Well - Marathon Monday is kind of a big deal in the running world. So I went out and did it. I did not run with my Garmin. I just went. I was originally going to do my full 8 mile path, but turned around at my 7 mile path turn-around because I started thinking that I was being a little too extreme. Now, the Dr. did say that I should not run until mid May. My foot doesn't hurt and running feels good on the treadmill. I LOVED every minute of Monday. It made me the happiest person alive to be out there and see so many familiar running faces! The wind was really brutal on the way back - but that wasn't even going to take my happieness away! I emraced the wind like it was my best friend!! I was not going to tell any of my running friends about this run of mine because they really want me to be with them running and not on my own. So that was my full intention... until I walked in my door and looked at my phone. MY COACH SAW ME!! Of all people, he spotted me. So, I had to let my secret out. I can never get away with secrets. They always come out. This happens in every aspect of my life. I can not keep things inside, I always get caught so now I just let them out. This is not about friends secrets - just my own.

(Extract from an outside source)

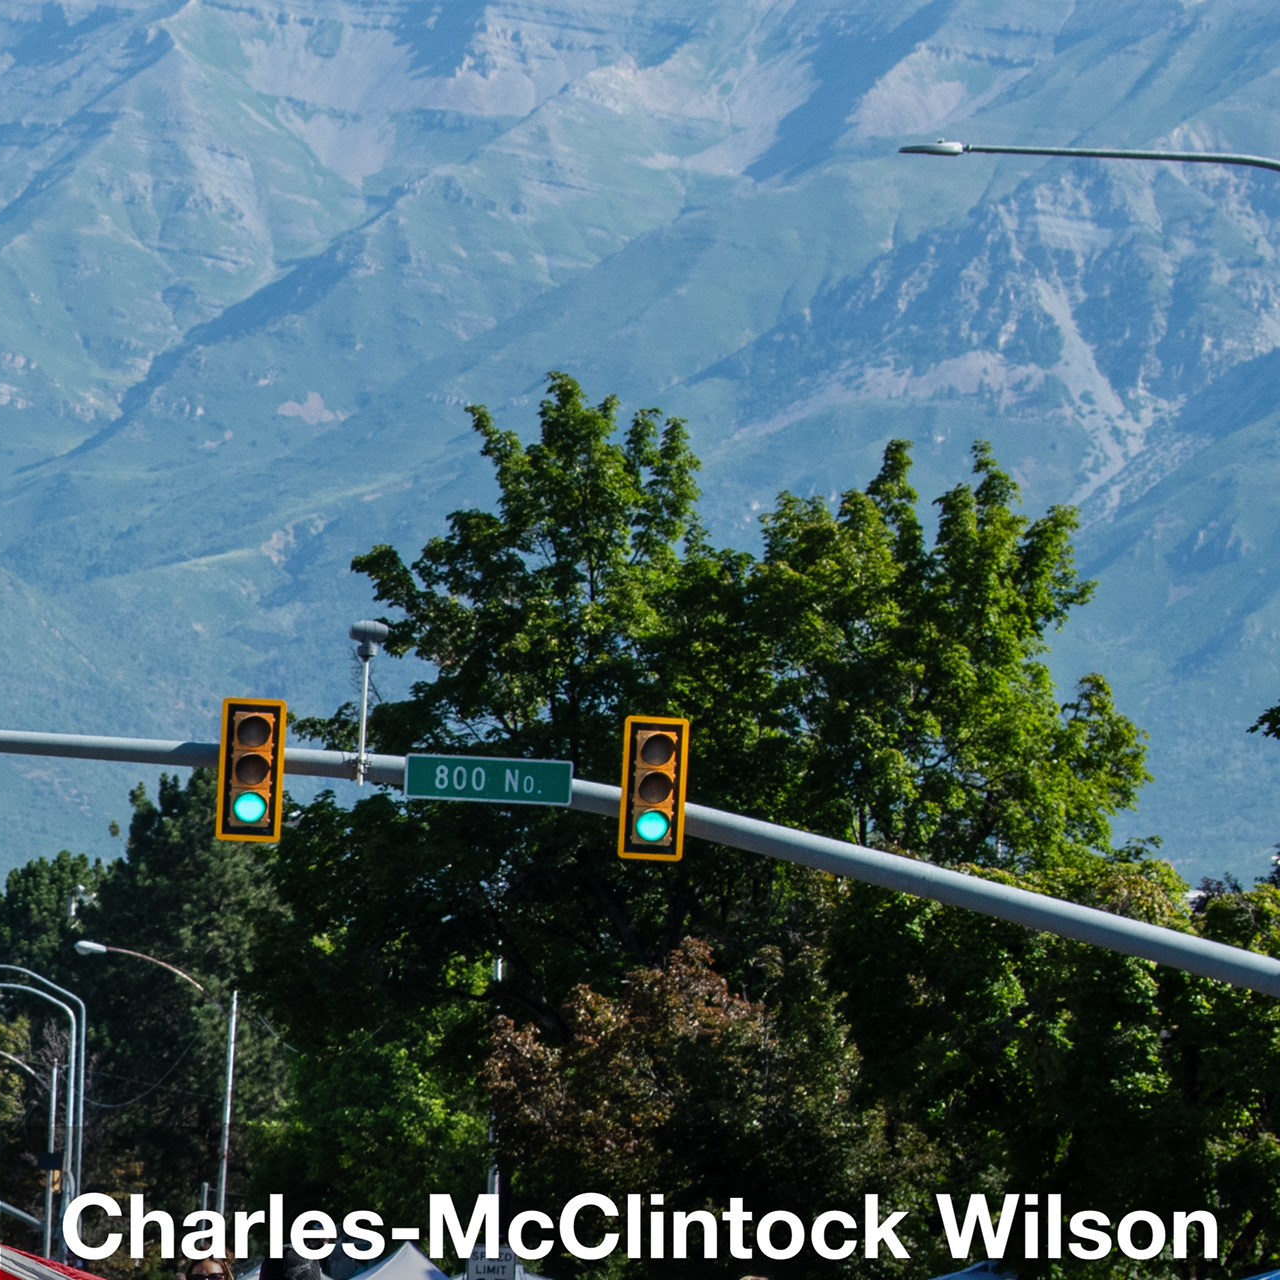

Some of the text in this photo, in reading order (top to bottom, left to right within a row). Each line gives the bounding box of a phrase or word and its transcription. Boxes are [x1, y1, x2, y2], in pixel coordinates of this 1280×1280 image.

[434, 764, 542, 794] 800 No.
[472, 1250, 513, 1262] SPED
[475, 1264, 507, 1276] LIMIT

Since I know myself so very well - this run did in fact open a HUGE can of worms. I went at it again this morning - but this time I wore Mr. Garmin. 7 more miles of amazingness. Now I know people are really curious how my mile times are with this whole break I had to take - so here it is!!
Nice cut downs right!? I did not plan this it just happened. I wasn't pushing I wasn't doing anything. I just did what I did. I ran. Now, I am going to be 100% honest. I felt HEAVY. Like I felt like I had a lot of weight on me and it was tiring. Yes, I have gained some pounds with this break. Fat and Muscle. Muscle because I have started lifting weights - whereas before I didn't touch them. Fat because of poor diet and not as much cardio as running and alcohol.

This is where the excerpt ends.